Different matter phases are determined by atomic organization: in a liquid, atoms move freely, while in a solid are rigidly located in a lattice. "If you take a snapshot of the position of electrons in an FQHE system they appear random and you think you have a liquid. The position of the electrons in this material appears random like in a liquid, but they also move in well-defined steps" Wen said. The researchers believed FQHE systems represented a state of matter characterized by entanglement, the particles being tied to each other in a complicated manner across the entire material, a different type of matter. They looked at electrons as not really elementary, but emerging at the ends of long "strings". In their model, such strings move freely "like noodles in a soup" in huge "string-nets".

The simulations of string-nets not only gave rise to conventional particles and fractionally charged quasi-particles but they also vibrated, producing a wave matching Maxwell's equations, describing the behavior of light. "A hundred and fifty years after Maxwell wrote them down, here they emerged by accident," Wen said.

The model also delivered other elementary particles, like quarks, which build protons and neutrons, and the particles behind some of the fundamental forces, such as gluons and the W and Z bosons.

Could this model be applied for the whole universe?

"Suddenly we realized, maybe the vacuum of our whole universe is a string-net liquid. It would provide a unified explanation of how both light and matter arise", said Wen.

This theory states that elementary particles are not the fundamental "bricks" of matter but that they emerge from the deeper structure of the non-empty vacuum of space-time.

Joel Helton's group at MIT might have already found a material confirming the "string-net liquid" model. This candidate could be a dark green crystal found in Chile's mountains in 1972 named herbertsmithite.

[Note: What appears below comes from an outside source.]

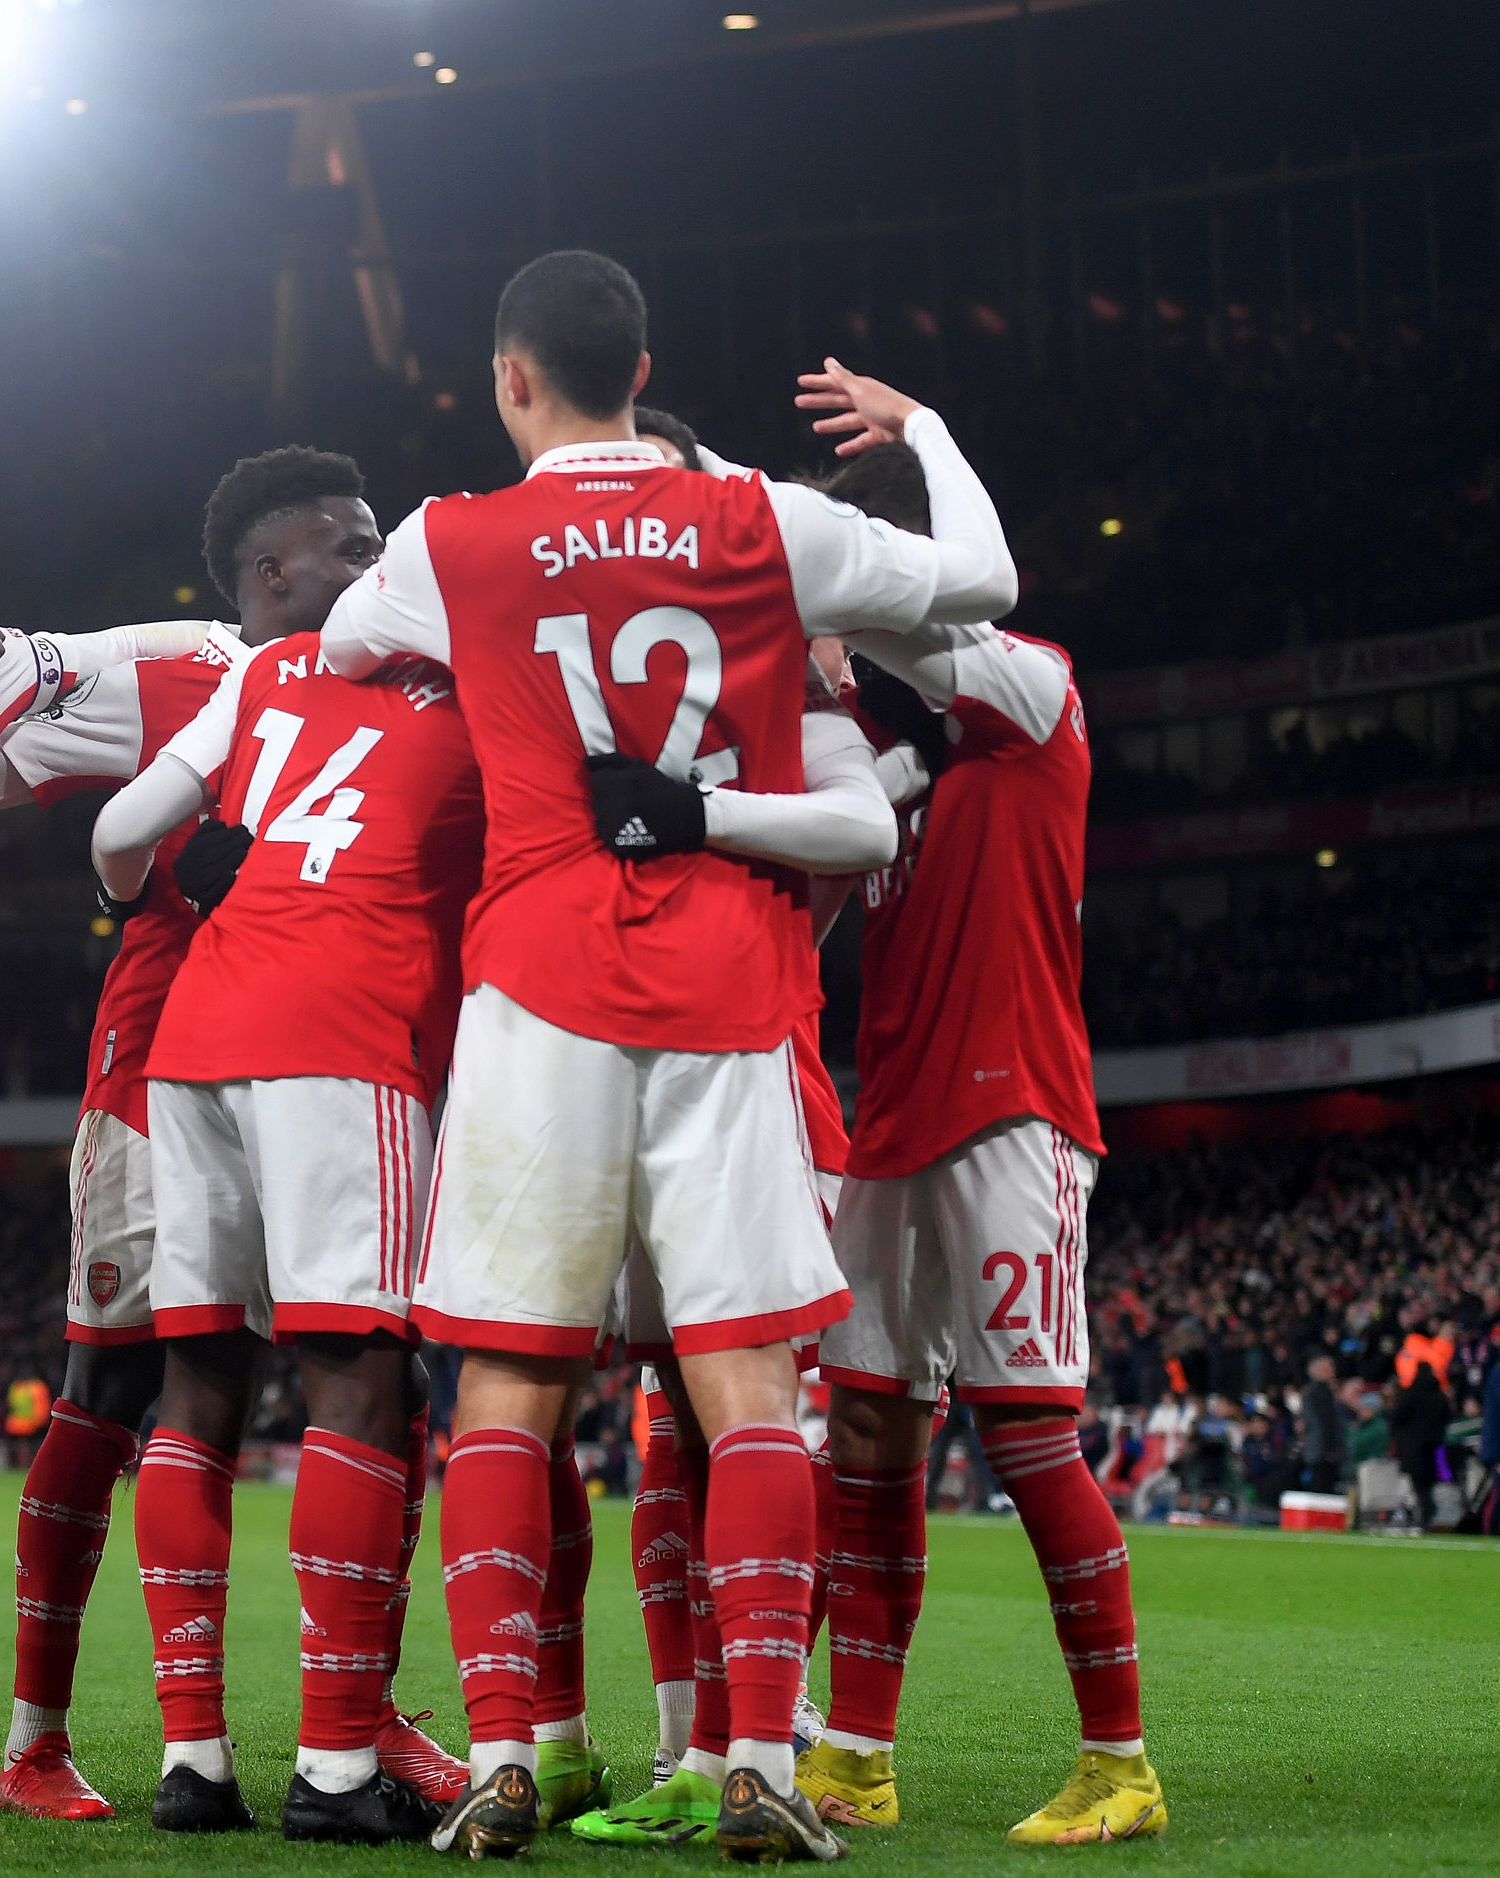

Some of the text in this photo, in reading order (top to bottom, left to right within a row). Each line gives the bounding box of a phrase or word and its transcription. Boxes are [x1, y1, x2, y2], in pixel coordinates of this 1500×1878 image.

Herbertsmithite is very odd as its electrons are located in a triangular lattice.

Normally, electrons line up so that their spins are located in the opposite direction to that of their immediate neighbors, fact impossible in a triangle, where neighboring electrons spin in the same direction, like in string-net liquid model. "Although herbertsmithite exists in nature, the mineral contains impurities that disrupt any string-net signatures," said Young Lee, one member of the team.

To achieve a pure sample in the lab "It took us a full year to prepare it and another year to analyze it", he added. The team checked how the material reacted to magnetization, when a magnetic field was applied on it. In ordinary matter, below about 26 ?C the spins of the electrons stop fluctuating, a phenomenon named magnetic order. But herbertsmithite did not display such transition, even at just a fraction above absolute zero.

Heat conduction of ordinary matter is linked to temperature: it changes below a certain temperature as the material structure shifts. Herbertsmithite did not follow the rule, and unlike in other types of matter, in its lowest energy state, it presented no discernible order.

The team is going to determine the position of individual electrons and long-range entanglement by sending neutrons at the crystal and watching their movements. "We want to see the dynamics of the spin. If we tweak one [electron], we can see how the others are affected", Lee said. "Even if herbertsmithite is not a new state of matter, we shouldn't be surprised if one is found soon, as many teams are hunting for them. People wrongly assume that particle accelerators are the only places where big discoveries about matter can be made. Accelerators are just recreating conditions after the big bang and repeating experiments that are old hat for the universe. But in labs people are creating [conditions] that are colder than anywhere that has ever existed in the universe. We are bound to stumble on something the universe has never seen before", said Michael Freedman, 1986 winner of the Fields medal, the highest prize in mathematics, and a quantum computing specialist at Microsoft Station Q at the University of California, Santa Barbara.